## TASK DETAILS
Print the listing below word for word, but drop any pictures it contains.
BEGIN SOURCE RECORDS
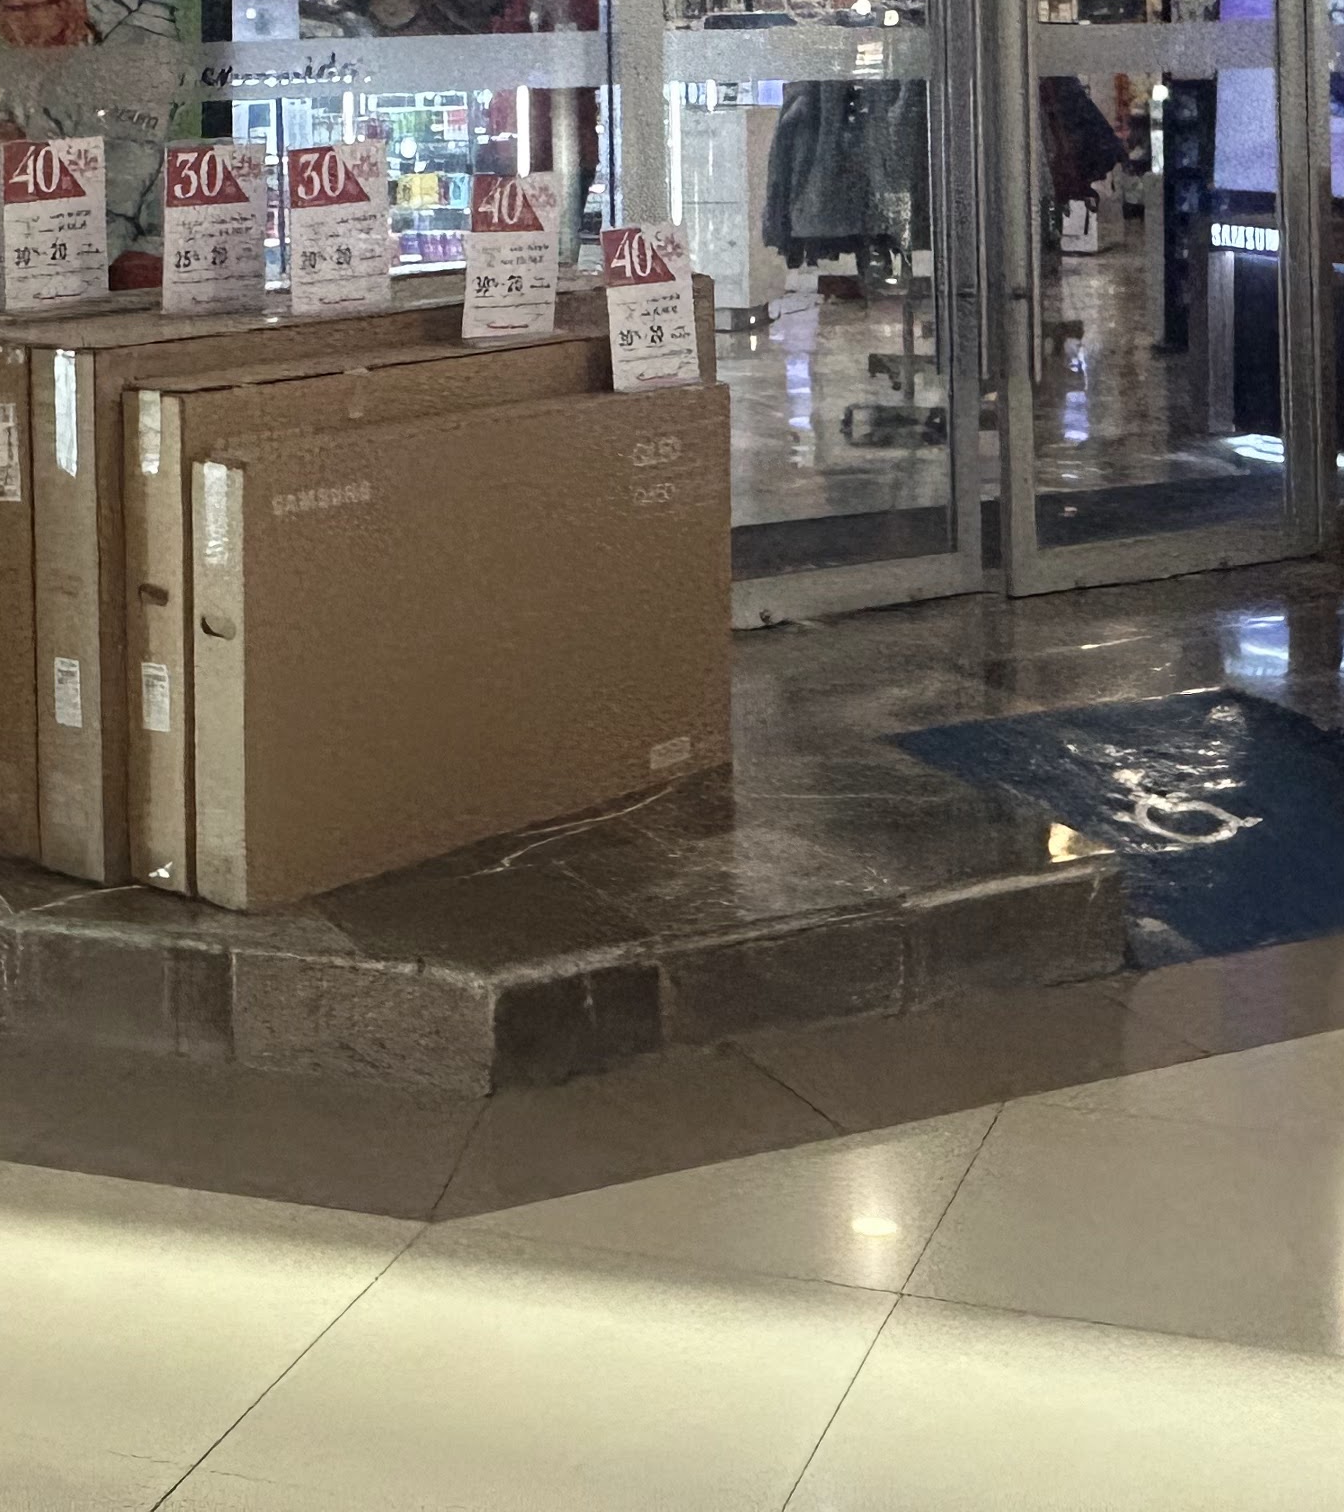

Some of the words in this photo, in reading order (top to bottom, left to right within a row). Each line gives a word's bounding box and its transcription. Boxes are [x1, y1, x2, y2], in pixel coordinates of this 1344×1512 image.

[8, 145, 61, 194] 40
[173, 149, 225, 199] 30
[297, 150, 346, 200] 30
[477, 174, 524, 225] 40
[610, 231, 654, 279] 40
[1210, 222, 1280, 252] SAMSUN
END SOURCE RECORDS
## SOLUTION
Some of the words in this photo, in reading order (top to bottom, left to right within a row). Each line gives a word's bounding box and its transcription. Boxes are [x1, y1, x2, y2], in pixel coordinates of this 1344×1512 image.

[8, 145, 61, 194] 40
[173, 149, 225, 199] 30
[297, 150, 346, 200] 30
[477, 174, 524, 225] 40
[610, 231, 654, 279] 40
[1210, 222, 1280, 252] SAMSUN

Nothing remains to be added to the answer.